Personal information
- Nationality: Kazakh
- Born: 11 June 2000 (age 26) Astana, Kazakhstan
- Height: 1.88 m (6 ft 2 in)
- Weight: Heavyweight;

Boxing career
- Stance: Orthodox stance

Medal record
Men's amateur boxing
Representing Kazakhstan
World Championships
| Gold medal – first place | 2025 Liverpool | Super heavyweight |
Asian Championships
| Gold medal – first place | 2022 Amman | Heavyweight |
| Gold medal – first place | 2024 Chiang Mai | Super heavyweight |
Youth Olympic Games
| Gold medal – first place | 2018 Buenos Aires | Heavyweight |
Youth World Championships
| Silver medal – second place | 2018 Budapest | Heavyweight |

= Aibek Oralbay =

Kazakh boxer (born 2000)

Aibek Oralbay Rahatuly (Айбек Оралбай Рахатұлы, Aybek Oralbay Rahatulı; born 11 June 2000) is a Kazakh amateur boxer.
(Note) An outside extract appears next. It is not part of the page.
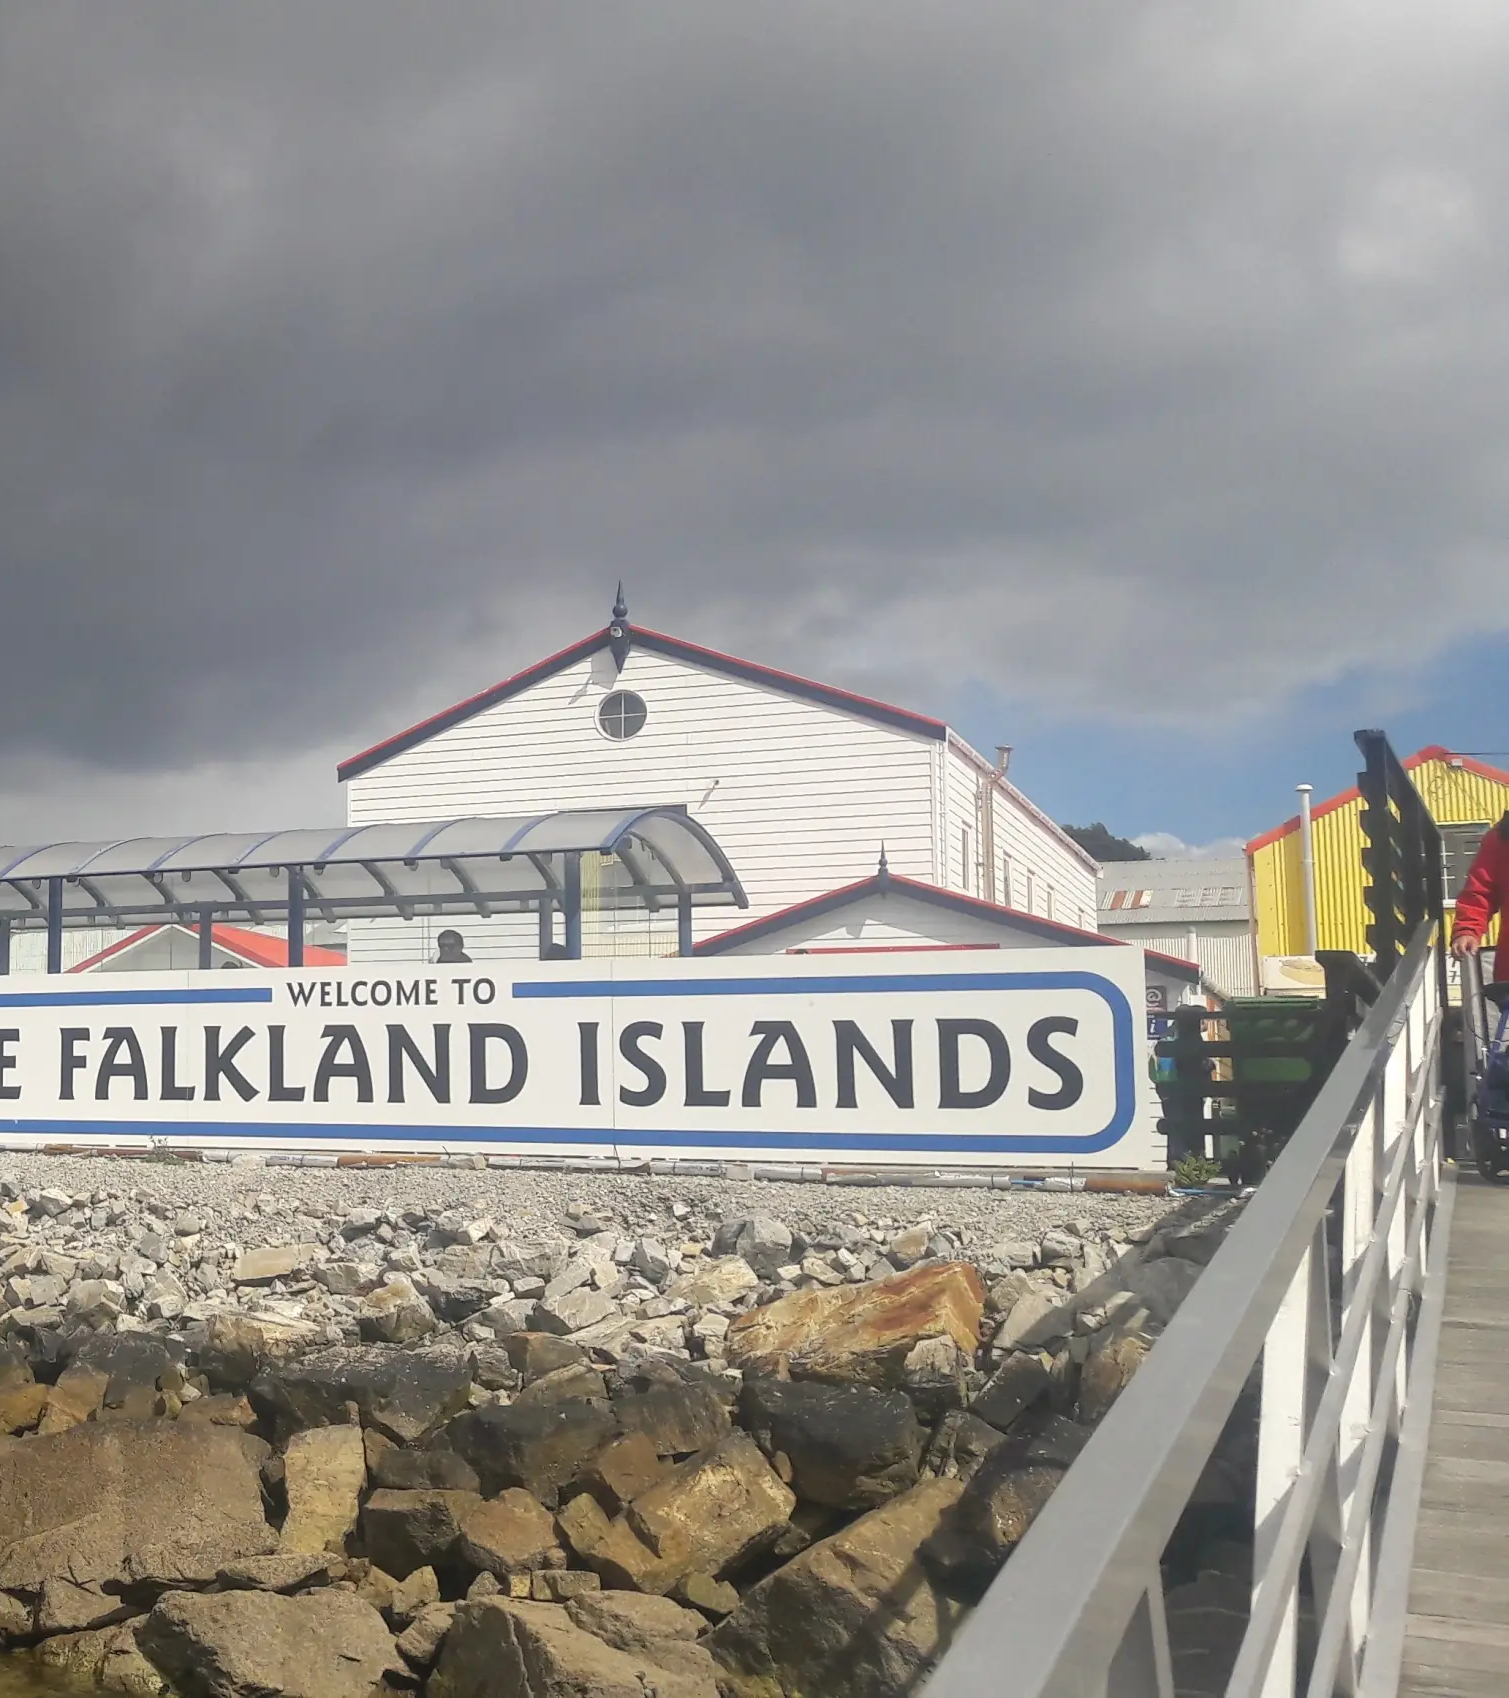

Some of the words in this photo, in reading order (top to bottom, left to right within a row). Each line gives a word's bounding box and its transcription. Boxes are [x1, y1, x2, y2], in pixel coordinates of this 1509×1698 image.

While representing Kazakhstan in the heavyweight division, he won a gold medal at the 2018 Youth Olympics and silver at the 2018 Youth World Championships. He has been selected by Kazakhstan for the 2024 Summer Olympics. He competed in the men's 92 kg event at the 2024 Olympics.

He is the twin brother of fellow boxer Nurbek Oralbay.